Gay, Lesbian, straight or bi... in the end fashion is fashion plain and simple. Why hate just because some fashion choose to be with other fashion and things of that fashion?

:dunno:


----------



## Guest (Oct 20, 2009)

YES, Fashion is GAY if you're a man. 

If you boil you shirts to make them skin tight, Wear your sisters pants, pop your collar up on your polo shirt, sport affliction shirts, tap out wear, or form a faux hawk 

You can throw all those things away and walk around with a cock in your mouth. You already look gay, Might as well go all the way!


----------



## Guest (Oct 20, 2009)

I used to completely shun fashion but realized that people judge you immediately on your appearance so I started wearing clothes that fit, started working out, got contact lenses, and wear straight cut jeans. When snowboarding however, I don't really give a shit as long as it keeps me warm and isn't ridiculously colored (not neon).


----------



## Guest (Oct 20, 2009)

norcalnick said:


> YES, Fashion is GAY if you're a man.
> 
> If you boil you shirts to make them skin tight, Wear your sisters pants, pop your collar up on your polo shirt, sport affliction shirts, tap out wear, or form a faux hawk
> 
> You can throw all those things away and walk around with a cock in your mouth. You already look gay, Might as well go all the way!


are people really boiling shirts?


----------



## Guest (Oct 20, 2009)

Theres a time and place for fashion.

If you're referring to fashion on the slopes, well matched pieces look cool but don't precede a person's ability to ride. That comes first.
If you're referring to off the slopes, why do you care? Love it or hate it, youre still obsessing over it. Do yourself a favor and get over it. Fashion and trends will always be there changing from one season to the next.


----------



## snoeboarder (Sep 19, 2008)

suits are a fashion, so are neon jeans

all is good as long as you fashion your style properly so that it conveys the right message

its all culture


----------



## Guest (Oct 21, 2009)

First time I went out, I borrowed and wore my dad's snow mobile onesie.

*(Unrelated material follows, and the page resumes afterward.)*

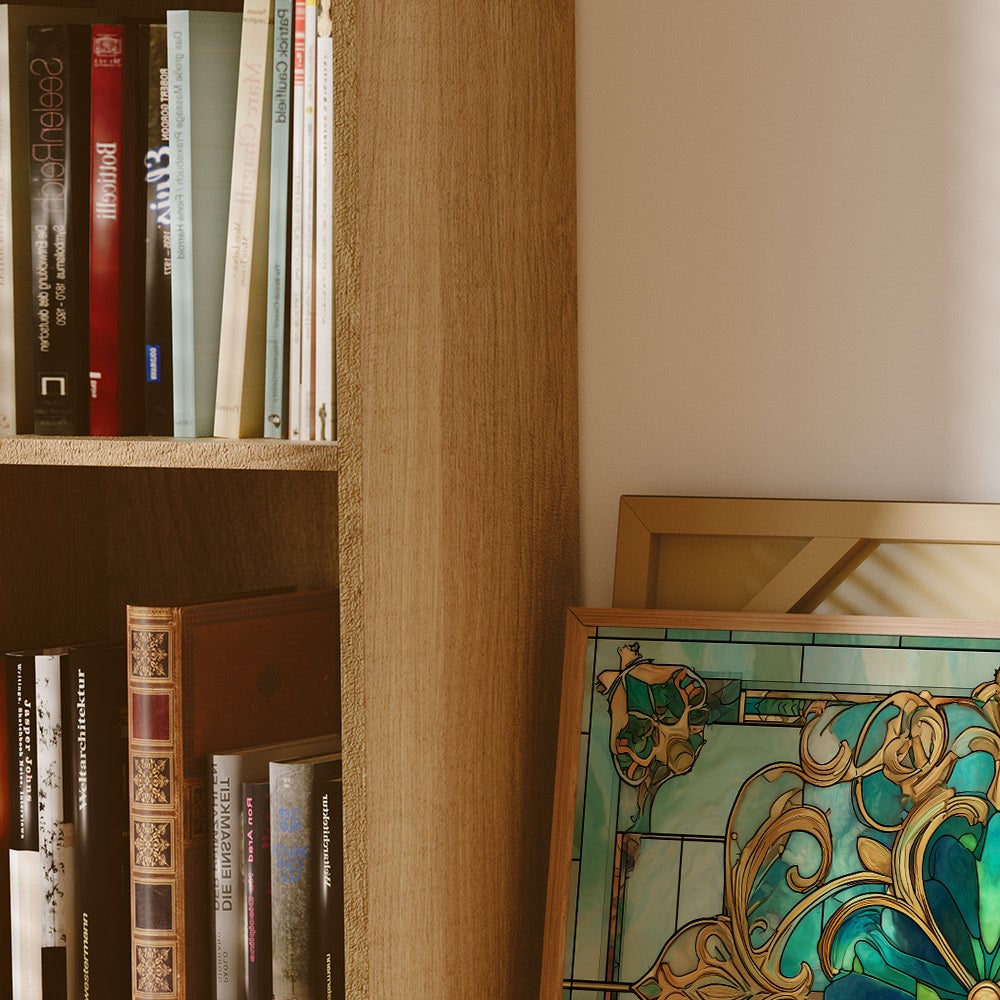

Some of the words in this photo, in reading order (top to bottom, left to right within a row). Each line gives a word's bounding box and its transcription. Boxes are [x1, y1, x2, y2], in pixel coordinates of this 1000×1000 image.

Onesies are fashionable, right?


----------



## HouseMuzik (Dec 22, 2008)

Jesus this is probably the most ignorant thread I've seen on here in a long time. There are people on this board who'd find some peoples comments in here very offensive. Check the homophobia and ignorance at the door please.


----------



## jordan2734 (May 11, 2008)

I agree homophobia is just stupid, ignorant, and not needed. And fashion doesn't matter, you dress however the hell you want, all that matters is that your out keeping warm and having fun doing what you love


----------



## ComicStix (Oct 9, 2009)

F.Y.I Girls respect fashion sense in guys. I mean who wants to date someone who can't match. LoL


----------



## Guest (Oct 22, 2009)

ComicStix said:


> F.Y.I Girls respect fashion sense in guys. I mean who wants to date someone who can't match. LoL


Hahaha I would never be interested in a guy that is too immersed in fashion, I'd rather he leave that job to me. A guy that knows how to dress himself well other hand, definitely a turn on.


----------



## arsenic0 (Nov 11, 2008)

Theres a difference between matching and spending an hour to look like a guido to goto the grocery store...


----------



## Guest (Oct 22, 2009)

Theres also such thing as obsessing over finding a matching outfit 

All Im saying is, in moderation, fashion sense in a guy is attractive.


----------



## Thadwood (Dec 13, 2008)

dasenergi said:


> Theres also such thing as obsessing over finding a matching outfit
> 
> All Im saying is, in moderation, fashion sense in a guy is attractive.


 :thumbsup:

Besides, fashion was solved 20 years ago.









*PULLING. IT. OFF.*

(Too lazy to resize, please don't kill me.)


----------



## Guest (Oct 22, 2009)

If that isnt my dream guy, then I dont know who is! 
:laugh:


----------



## ComicStix (Oct 9, 2009)

dasenergi said:


> Theres also such thing as obsessing over finding a matching outfit
> 
> All Im saying is, in moderation, fashion sense in a guy is attractive.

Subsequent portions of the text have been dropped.